| Task brief |
Retype the whole listing below exactly, keeping every picture out of it.

| Task input |
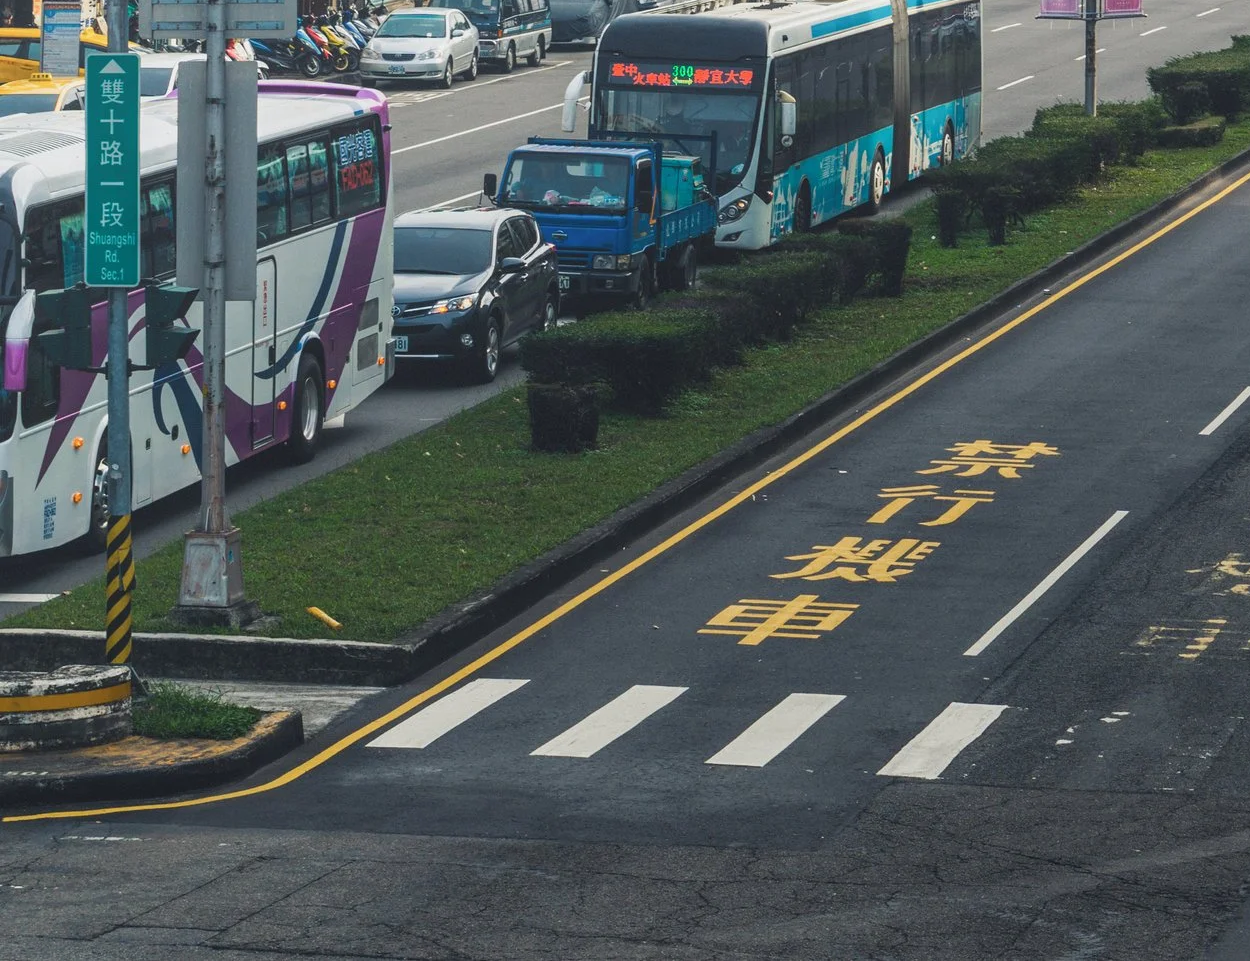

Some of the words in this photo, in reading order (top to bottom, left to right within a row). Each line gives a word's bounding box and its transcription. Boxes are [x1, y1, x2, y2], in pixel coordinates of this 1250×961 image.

[672, 65, 694, 77] 300
[694, 69, 753, 86] 靜宜大學
[100, 79, 124, 227] 雙十路一段
[89, 232, 136, 245] Shuangshi
[105, 250, 120, 263] Rd.
[100, 267, 124, 281] Sec.1
[697, 439, 1062, 645] 禁行機車
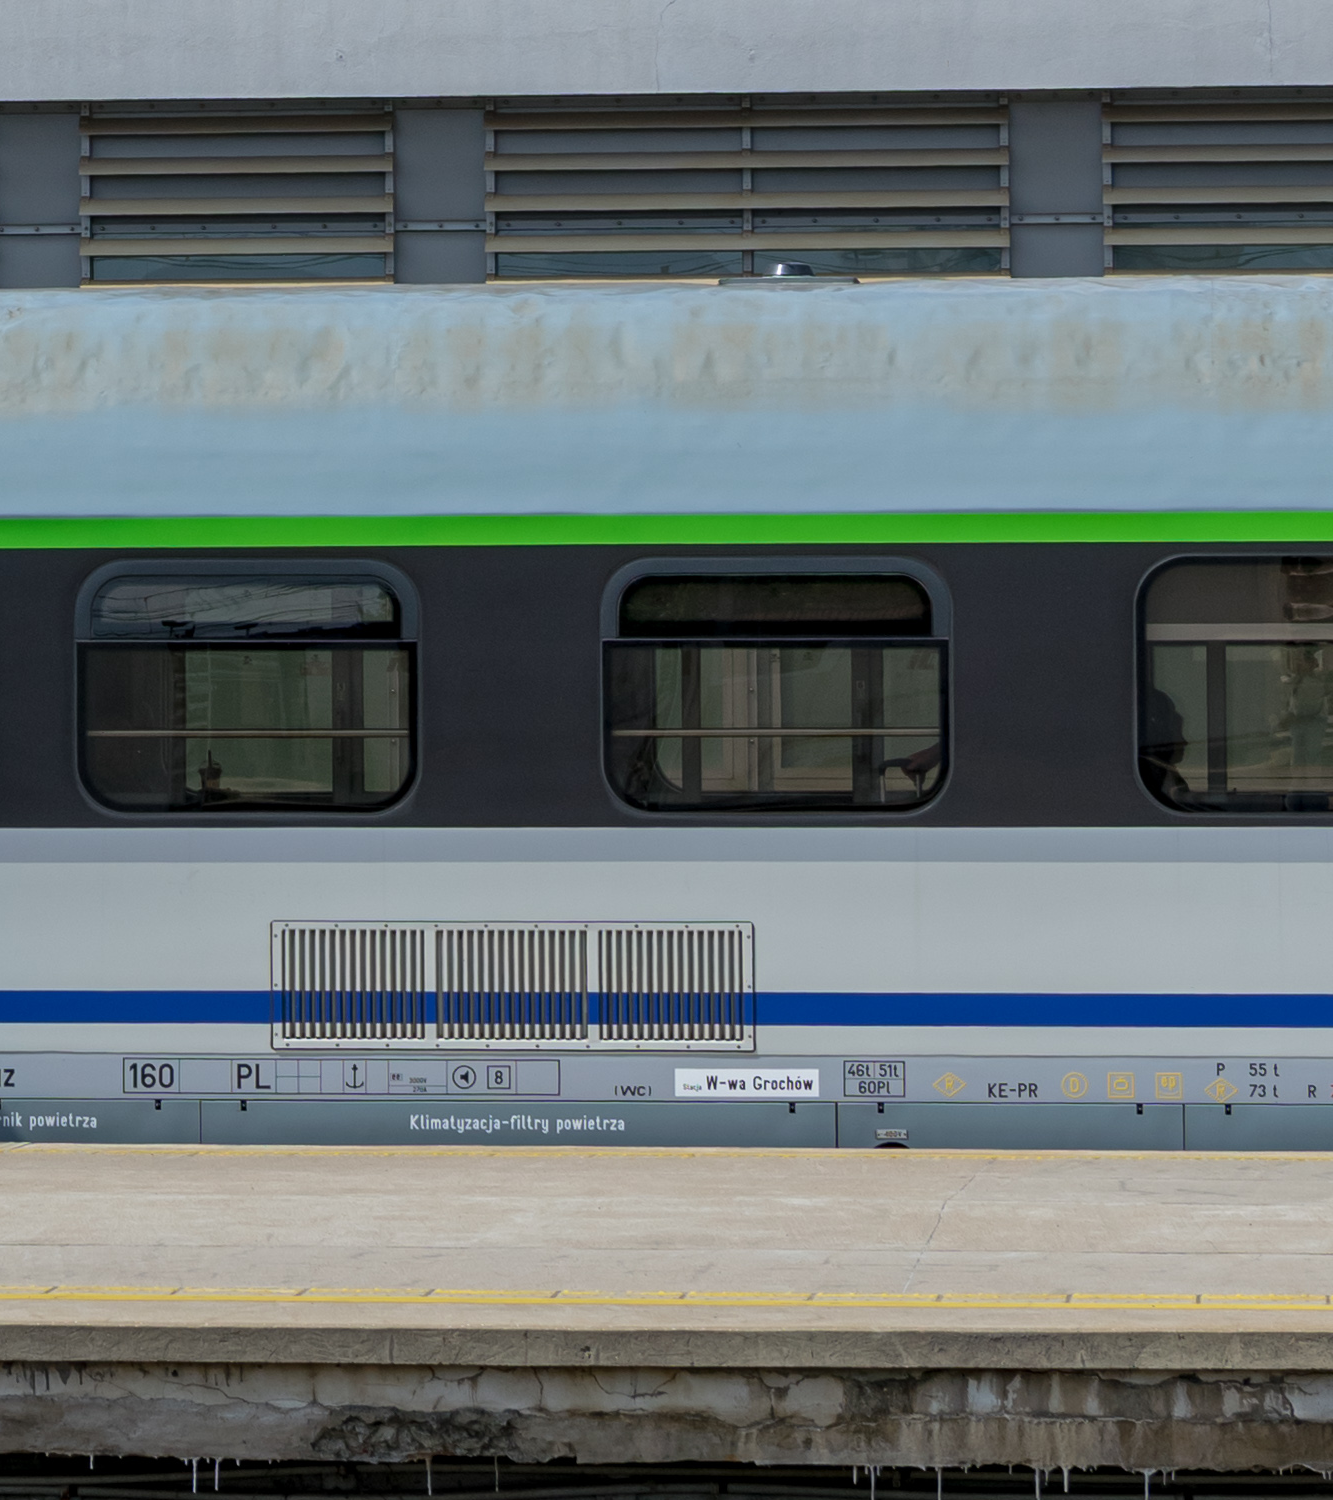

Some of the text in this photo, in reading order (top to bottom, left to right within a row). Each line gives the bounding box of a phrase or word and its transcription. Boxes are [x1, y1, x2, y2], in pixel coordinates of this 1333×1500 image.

[129, 1062, 175, 1089] 160
[236, 1063, 271, 1090] PL
[847, 1063, 900, 1078] 46t 51t
[1216, 1062, 1280, 1077] P 55 t
[494, 1070, 503, 1085] 8
[706, 1075, 746, 1091] W-wa
[752, 1075, 814, 1091] Grochów
[614, 1085, 652, 1097] (WC)
[987, 1082, 1038, 1099] KE-PR
[1249, 1084, 1267, 1098] 73
[1273, 1084, 1279, 1098] t
[1307, 1084, 1317, 1098] R
[29, 1111, 97, 1131] powietrza
[409, 1113, 625, 1135] Klimatyzacja-filtry powietrza
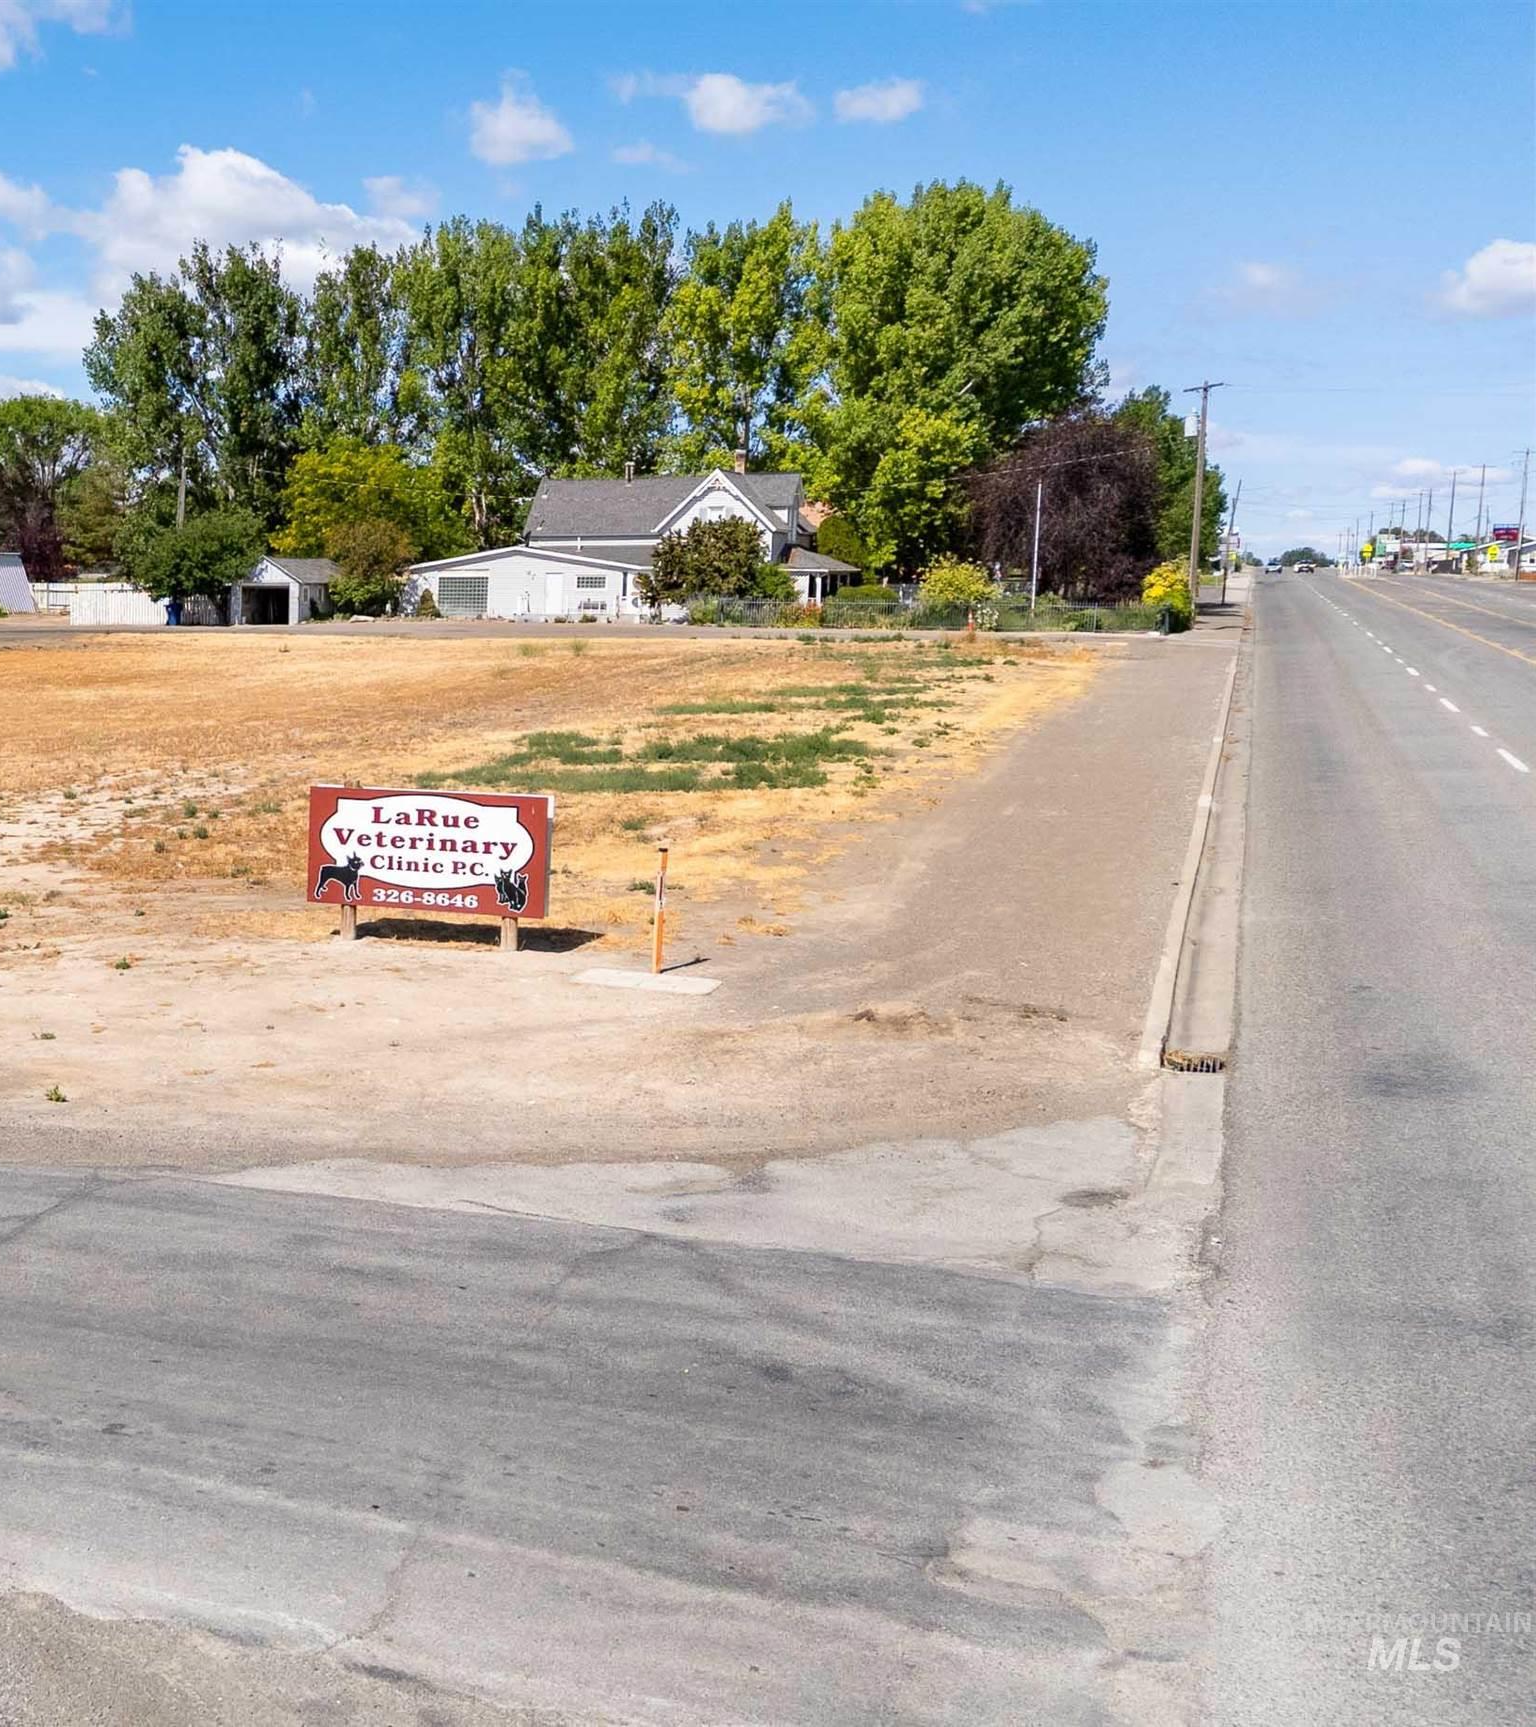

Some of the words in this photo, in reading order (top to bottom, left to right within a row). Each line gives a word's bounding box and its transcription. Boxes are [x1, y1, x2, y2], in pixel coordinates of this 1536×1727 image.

[371, 806, 480, 829] LaRue
[333, 828, 518, 860] Veterinary
[370, 855, 444, 874] Clinic
[451, 861, 489, 877] P.C.
[372, 888, 479, 908] 326-8646
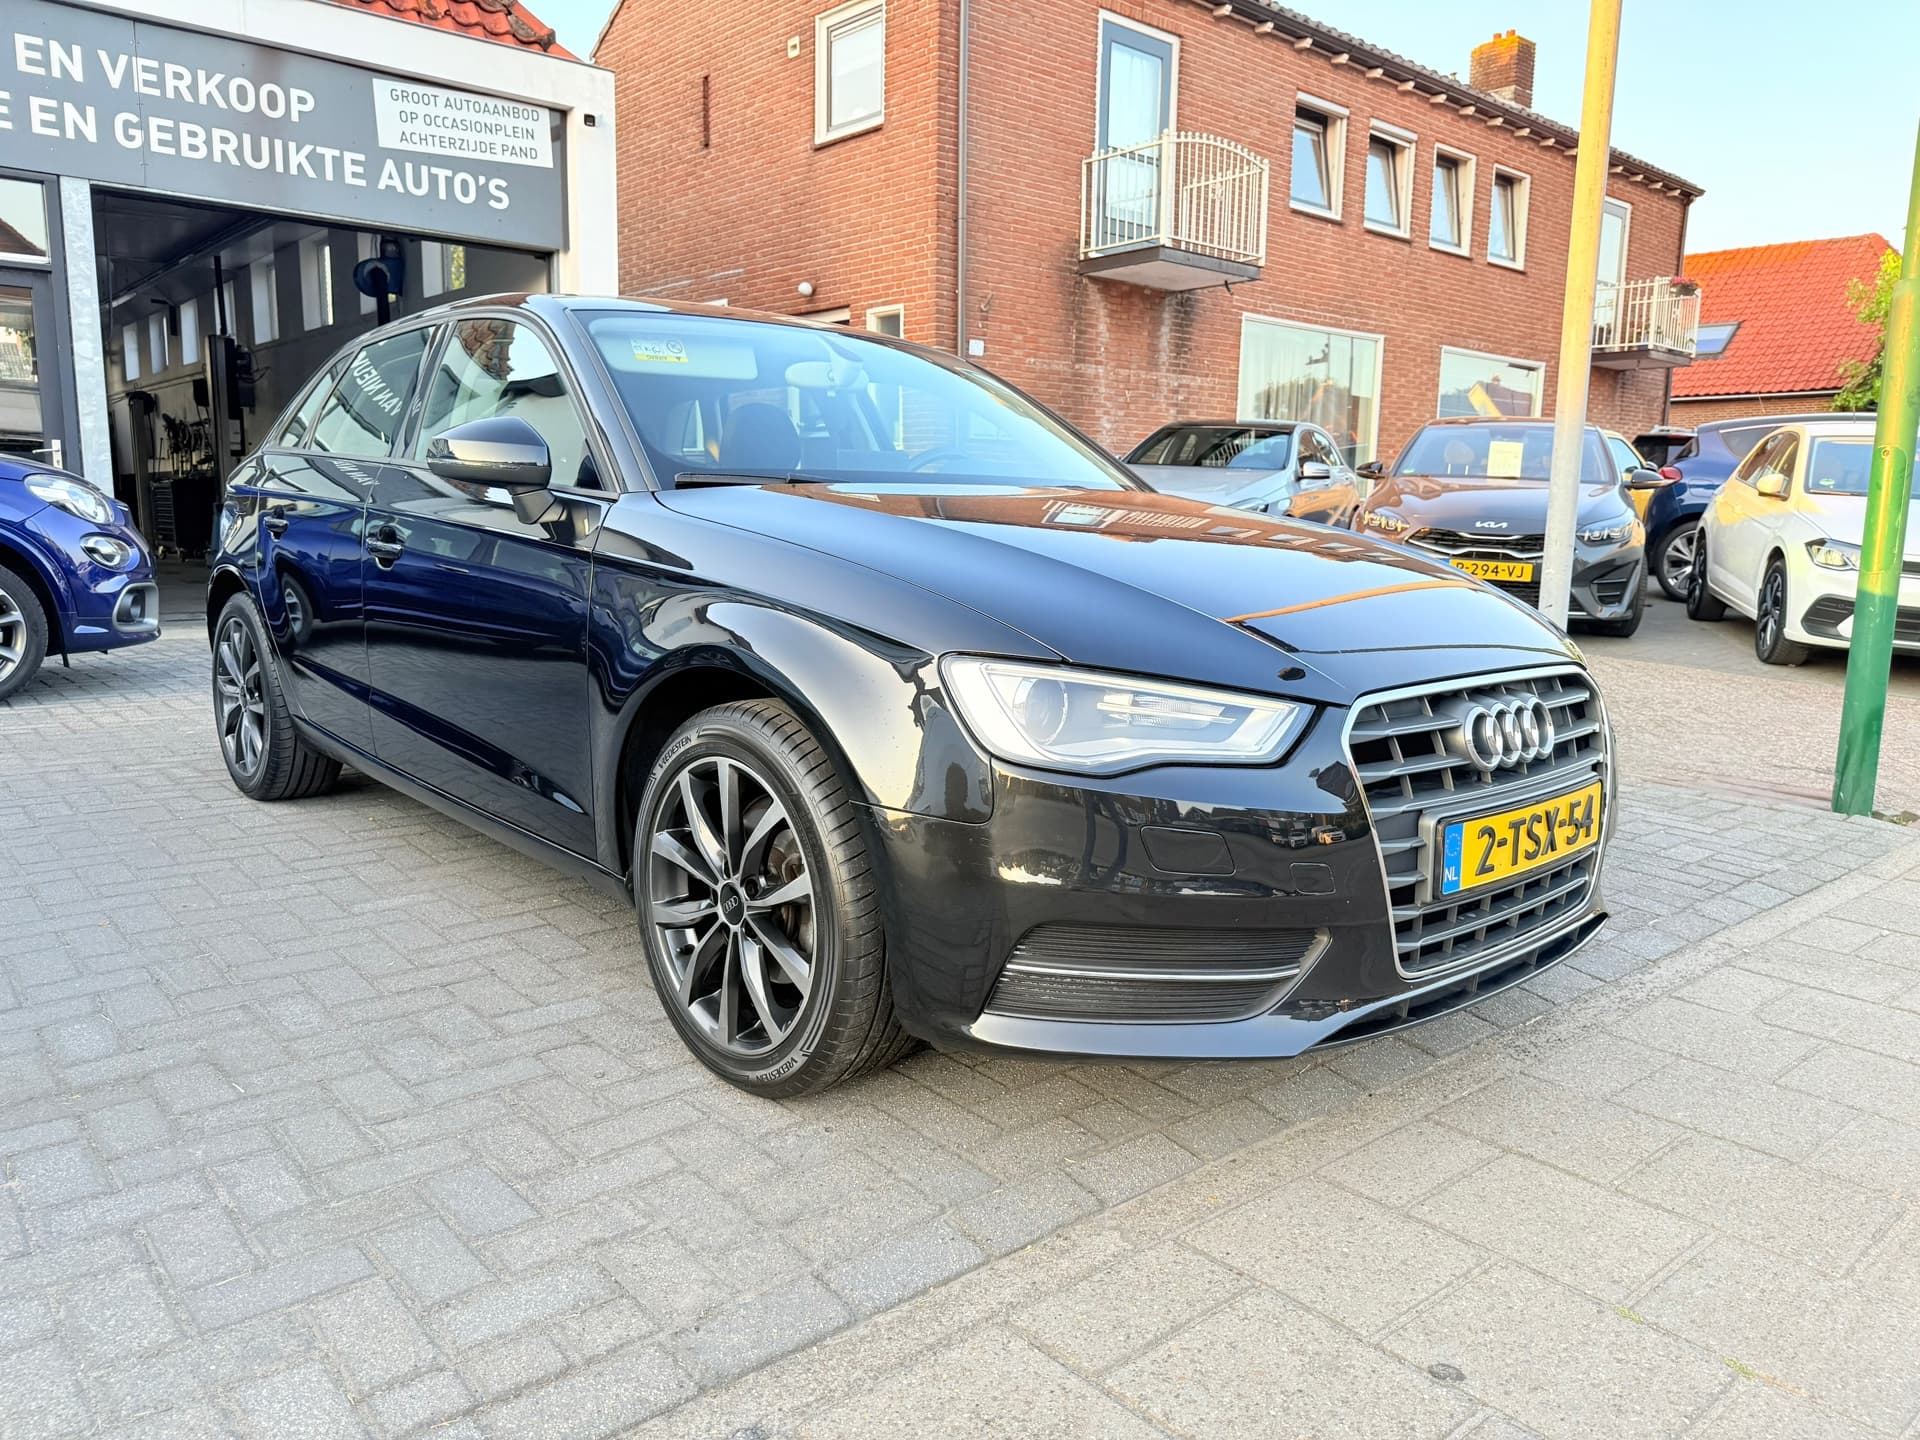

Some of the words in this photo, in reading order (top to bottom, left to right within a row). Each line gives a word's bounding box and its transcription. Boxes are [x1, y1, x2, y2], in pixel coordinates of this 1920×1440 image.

[14, 32, 84, 83] EN
[97, 49, 315, 123] VERKOOP
[390, 88, 440, 108] GROOT
[444, 96, 540, 122] AUTOAANBOD
[29, 95, 98, 143] EN
[114, 111, 367, 188] GEBRUIKTE
[377, 158, 510, 210] AUTO'S
[399, 110, 419, 125] OP
[423, 113, 536, 141] OCCASIONPLEIN
[399, 130, 498, 155] ACHTERZIJDE
[501, 144, 538, 161] PAND
[1444, 866, 1459, 883] NL
[1475, 793, 1595, 877] 2-TSX-54

| Response area |
Some of the words in this photo, in reading order (top to bottom, left to right within a row). Each line gives a word's bounding box and its transcription. Boxes are [x1, y1, x2, y2], in pixel coordinates of this 1250×961 image.

[672, 65, 694, 77] 300
[694, 69, 753, 86] 靜宜大學
[100, 79, 124, 227] 雙十路一段
[89, 232, 136, 245] Shuangshi
[105, 250, 120, 263] Rd.
[100, 267, 124, 281] Sec.1
[697, 439, 1062, 645] 禁行機車

Some of the text in this photo, in reading order (top to bottom, left to right within a row). Each line gives the bounding box of a phrase or word and its transcription. Boxes are [x1, y1, x2, y2], in pixel coordinates of this 1333×1500 image.

[129, 1062, 175, 1089] 160
[236, 1063, 271, 1090] PL
[847, 1063, 900, 1078] 46t 51t
[1216, 1062, 1280, 1077] P 55 t
[494, 1070, 503, 1085] 8
[706, 1075, 746, 1091] W-wa
[752, 1075, 814, 1091] Grochów
[614, 1085, 652, 1097] (WC)
[987, 1082, 1038, 1099] KE-PR
[1249, 1084, 1267, 1098] 73
[1273, 1084, 1279, 1098] t
[1307, 1084, 1317, 1098] R
[29, 1111, 97, 1131] powietrza
[409, 1113, 625, 1135] Klimatyzacja-filtry powietrza

Some of the words in this photo, in reading order (top to bottom, left to right within a row). Each line gives a word's bounding box and its transcription. Boxes are [x1, y1, x2, y2], in pixel coordinates of this 1536×1727 image.

[371, 806, 480, 829] LaRue
[333, 828, 518, 860] Veterinary
[370, 855, 444, 874] Clinic
[451, 861, 489, 877] P.C.
[372, 888, 479, 908] 326-8646

Some of the words in this photo, in reading order (top to bottom, left to right within a row). Each line gives a word's bounding box and its transcription. Boxes are [x1, y1, x2, y2], in pixel coordinates of this 1920×1440 image.

[14, 32, 84, 83] EN
[97, 49, 315, 123] VERKOOP
[390, 88, 440, 108] GROOT
[444, 96, 540, 122] AUTOAANBOD
[29, 95, 98, 143] EN
[114, 111, 367, 188] GEBRUIKTE
[377, 158, 510, 210] AUTO'S
[399, 110, 419, 125] OP
[423, 113, 536, 141] OCCASIONPLEIN
[399, 130, 498, 155] ACHTERZIJDE
[501, 144, 538, 161] PAND
[1444, 866, 1459, 883] NL
[1475, 793, 1595, 877] 2-TSX-54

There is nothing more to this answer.